19 Der Vierfürst Herodes aber, der wegen Herodias, der Frau seines Bruders, und wegen all seiner anderen Frevel oft von Johannes gerügt worden war,
Maar toen de viervorst Herodes door hem werd berispt naar aanleiding van Heródias, de vrouw van zijn broer, en over al de misdaden die hij had bedreven,
20 setzte seinen Übeltaten dadurch die Krone auf, daß er Johannes ins Gefängnis werfen ließ.
voegde Herodes nog dit er aan toe, dat hij Johannes in de kerker sloot.
21 Mit allen anderen Leuten ließ sich auch Jesus taufen.
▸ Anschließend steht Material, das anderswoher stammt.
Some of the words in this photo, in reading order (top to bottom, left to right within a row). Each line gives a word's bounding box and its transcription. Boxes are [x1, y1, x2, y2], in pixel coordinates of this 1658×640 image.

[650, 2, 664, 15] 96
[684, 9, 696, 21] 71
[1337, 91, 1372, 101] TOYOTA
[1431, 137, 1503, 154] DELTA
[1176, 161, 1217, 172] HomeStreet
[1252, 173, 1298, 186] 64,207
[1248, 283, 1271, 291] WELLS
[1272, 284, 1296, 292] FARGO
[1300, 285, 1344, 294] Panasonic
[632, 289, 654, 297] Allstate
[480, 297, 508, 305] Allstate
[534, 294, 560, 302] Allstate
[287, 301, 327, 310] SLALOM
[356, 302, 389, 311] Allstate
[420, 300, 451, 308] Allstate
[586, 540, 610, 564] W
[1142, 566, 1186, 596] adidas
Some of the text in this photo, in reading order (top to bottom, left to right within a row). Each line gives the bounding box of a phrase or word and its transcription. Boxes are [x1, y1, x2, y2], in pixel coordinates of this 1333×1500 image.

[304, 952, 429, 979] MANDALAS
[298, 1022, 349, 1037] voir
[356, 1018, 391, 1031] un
Während er betete, tat sich der Himmel auf,
Toen nu al het volk zich liet dopen, en ook Jesus gedoopt was, ging eensklaps, terwijl Hij aan het bidden was, de hemel open,
22 und der Heilige Geist schwebte in leiblicher Gestalt wie eine Taube auf ihn hernieder. Zugleich sprach eine Stimme aus dem Himmel: "Du bist mein Sohn, ich habe dich heute gezeugt."
en daalde de Heilige Geest in lichamelijke gedaante als een duif op Hem neer. En er klonk een stem uit de hemel: Gij zijt mijn welbeminde Zoon; in U heb Ik welbehagen.
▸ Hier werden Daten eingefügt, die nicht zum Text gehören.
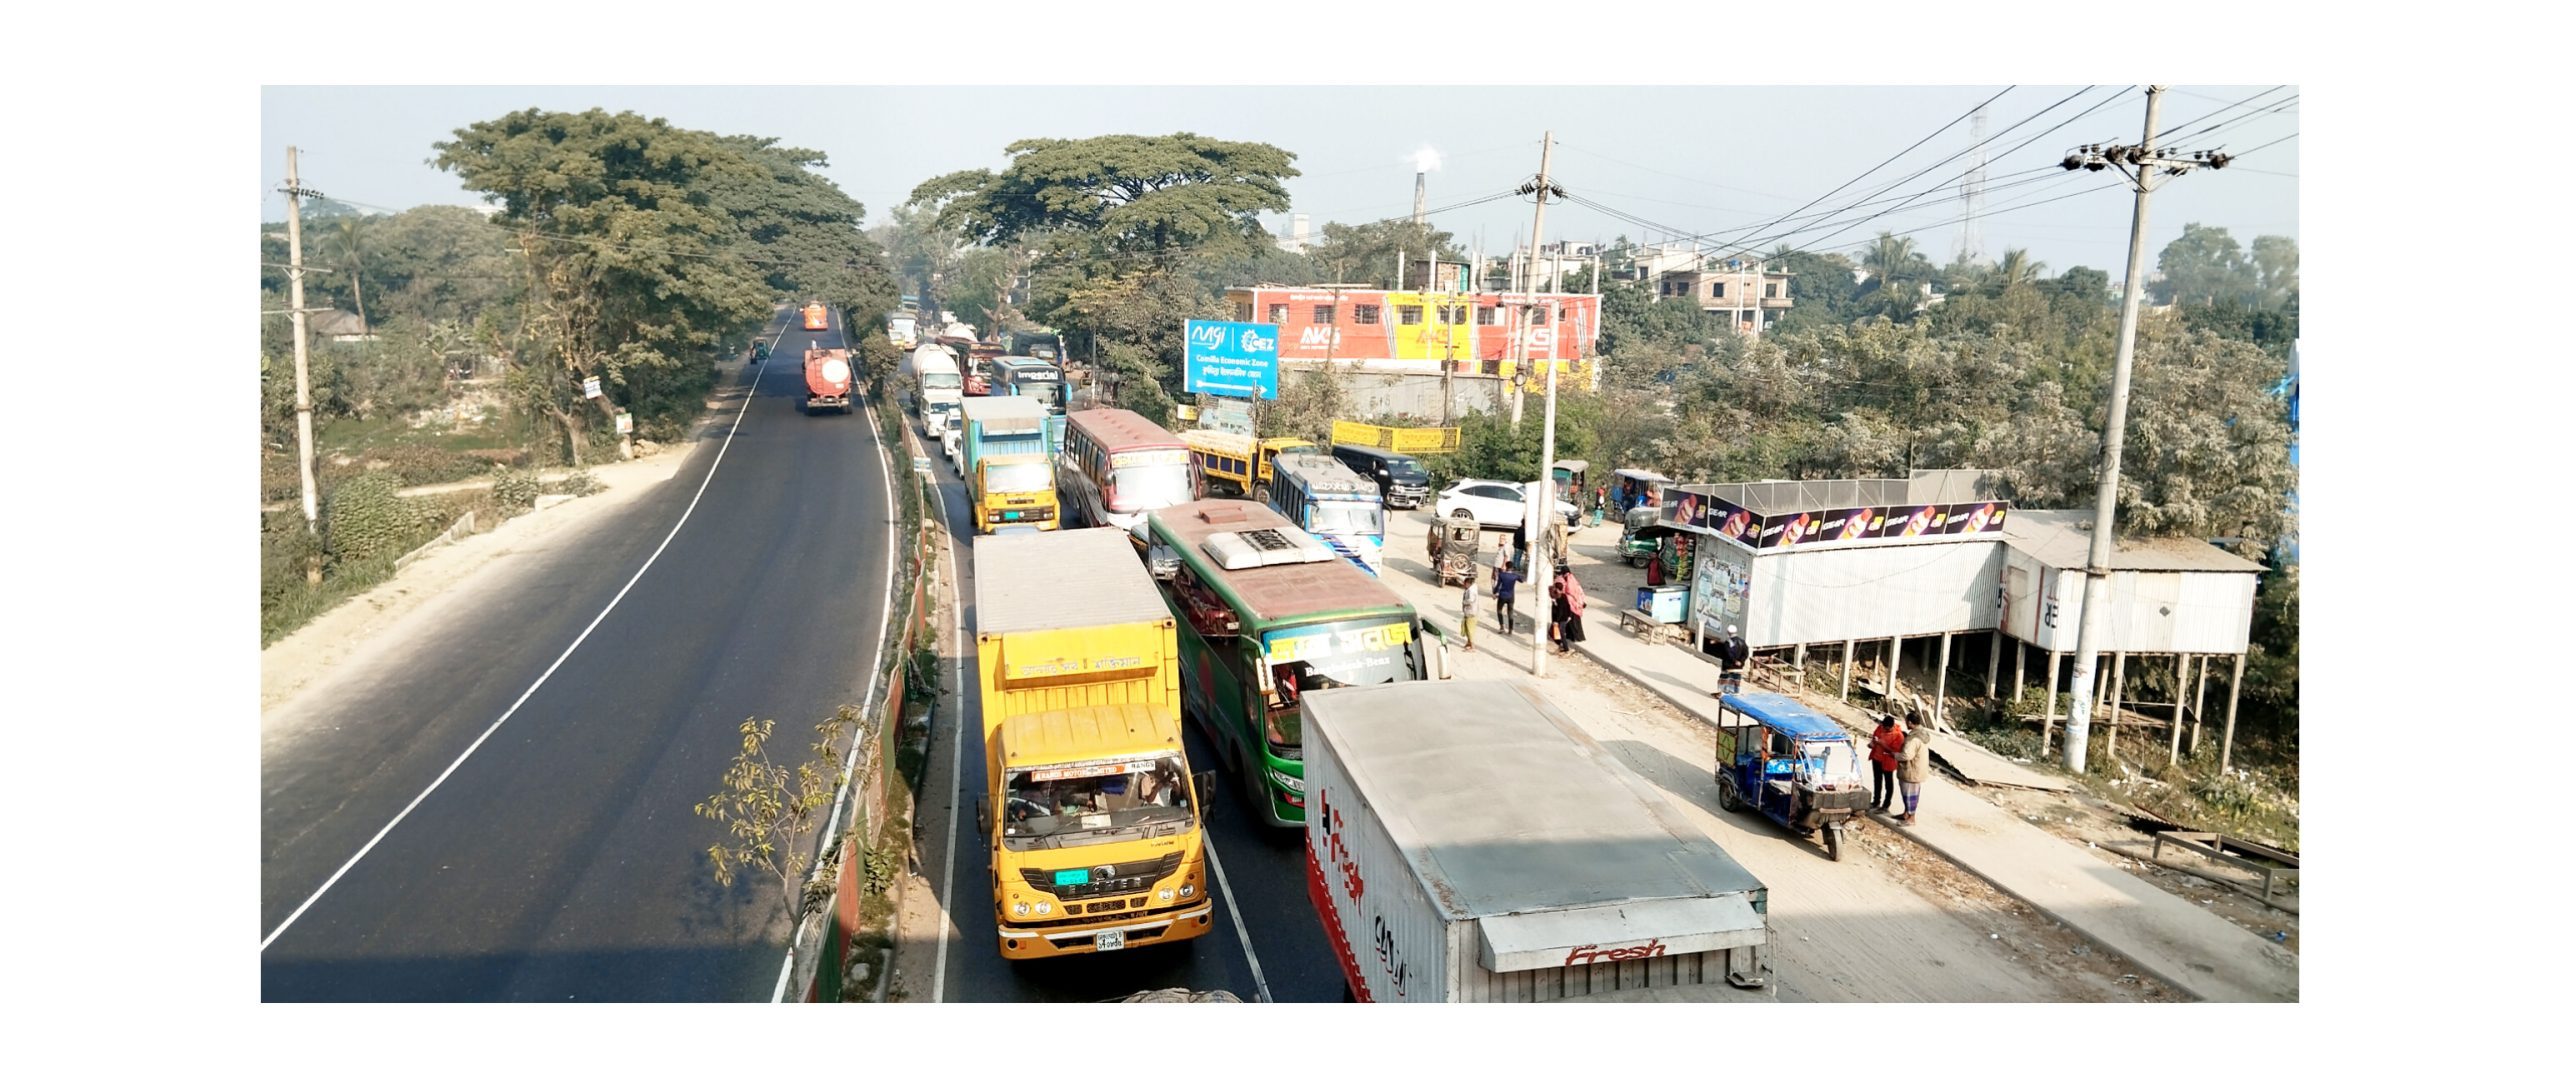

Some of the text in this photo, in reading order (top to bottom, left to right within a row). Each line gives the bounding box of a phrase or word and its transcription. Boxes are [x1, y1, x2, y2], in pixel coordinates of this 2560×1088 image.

[1196, 354, 1268, 367] Comilla Economic Zone
[1708, 507, 1728, 518] GEAR
[1949, 512, 1970, 524] GEAR
[1822, 519, 1846, 530] GEAR
[1886, 515, 1909, 527] GEAR
[1763, 524, 1784, 537] GEAR
[1565, 937, 1666, 966] Fresh
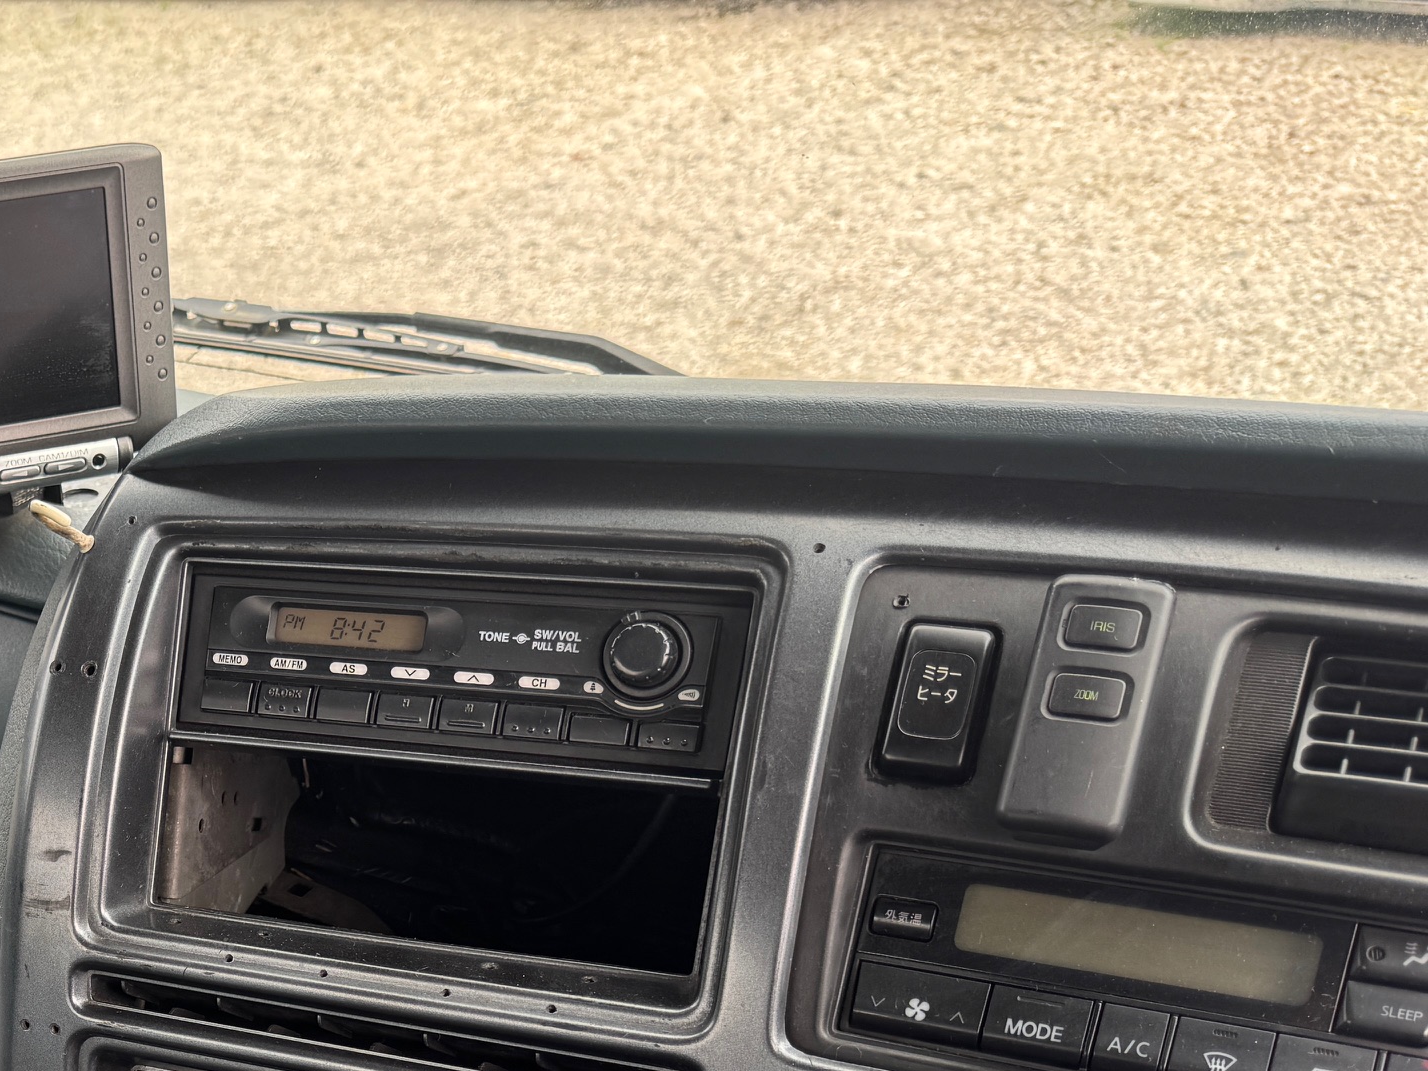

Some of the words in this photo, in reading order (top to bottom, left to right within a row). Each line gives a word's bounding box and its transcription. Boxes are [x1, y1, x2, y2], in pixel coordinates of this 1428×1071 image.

23 Als Jesus seine Wirksamkeit begann, war er etwa dreißig Jahre alt. Er galt für einen Sohn Josefs. Der war Elis Sohn,
Toen Jesus optrad, was Hij ongeveer dertig jaar oud. Hij was, naar men meende, de zoon van Josef, den zoon van Eli,
24 der Matthats, der Levis, der Melchis, der Jannais, der Josefs,
zoon van Mattat, zoon van Levi, zoon van Melki, zoon van Jannai, zoon van Josef,
25 der des Mattathias, der des Amos, der Nahums, der Eslis, der Naggais,
zoon van Mattatias, zoon van Amos, zoon van Naóem, zoon van Esli, zoon van Naggai,
26 der Maaths, der des Mattathias, der Semeins, der Josechs, der Jodas,
zoon van Maät, zoon van Mattatias, zoon van Semëín, zoon van Josef, zoon van Juda,
27 der Jochanans, der Resas, der Serubabels, der Sealthiels, der Neris,
zoon van Jóannan, zoon van Resa, zoon van Zoróbabel, zoon van Salátiël, zoon van Neri,
28 der Melchis, der Addis, der Kosams, der Elmodams, der Hers,
zoon van Melki, zoon van Addi, zoon van Kosam, zoon van Elmadám, zoon van Er,
29 der Josuas, der Eliesers, der Jorims, der Matthats, der Levis,
zoon van Jesus, zoon van Eliëzer, zoon van Joram, zoon van Mattat, zoon van Levi,
30 der Simeons, der Judas, der Josefs, der Jonams, der Eliakims,
zoon van Simeon, zoon van Juda, zoon van Josef, zoon van Jonam, zoon van Eljakim,
31 der Meleas, der Mennas, der Mattathas, der Nathans, der Davids,
zoon van Mélea, zoon van Menna, zoon van Máttata, zoon van Natan, zoon van David,
32 der Jesses, der Obeds, der des Boas, der Salmas, der Nahessons,
zoon van Jesse, zoon van Obed, zoon van Boöz, zoon van Salmon, zoon van Naässon,
33 der Aminadabs, der Admins, der Arnis, der Hezrons, der des Perez, der Judas,
zoon van Ammínadab, zoon van Admin, zoon van Arni, zoon van Esron, zoon van Fares, zoon van Juda,
34 der Jakobs, der Isaaks, der Abrahams, der Tharahs, der Nahors,
zoon van Jakob, zoon van Isaäk, zoon van Abraham, zoon van Tara, zoon van Nachor,
35 der Serugs, der Regus, der Pelegs, der Ebers, der Selahs,
zoon van Seróeg, zoon van Ragaóe, zoon van Paleg, zoon van Eber, zoon van Sala,
36 der Kenans, der Arpachsads, der Sems, der Noahs, der Lamechs,
zoon van Kaïnán, zoon van Arpaksád, zoon van Sem, zoon van Noë, zoon van Lamek,
37 der Methusalahs, der Henochs, der Jareds, der Mahalaleels, der Kenans,
zoon van Matóesala, zoon van Henok, zoon van Jared, zoon van Maláleël, zoon van Kaïnán,
38 der des Enos, der Seths, der Adams; der war ein Sohn Gottes.
zoon van Enos, zoon van Set, zoon van Adam, zoon van God.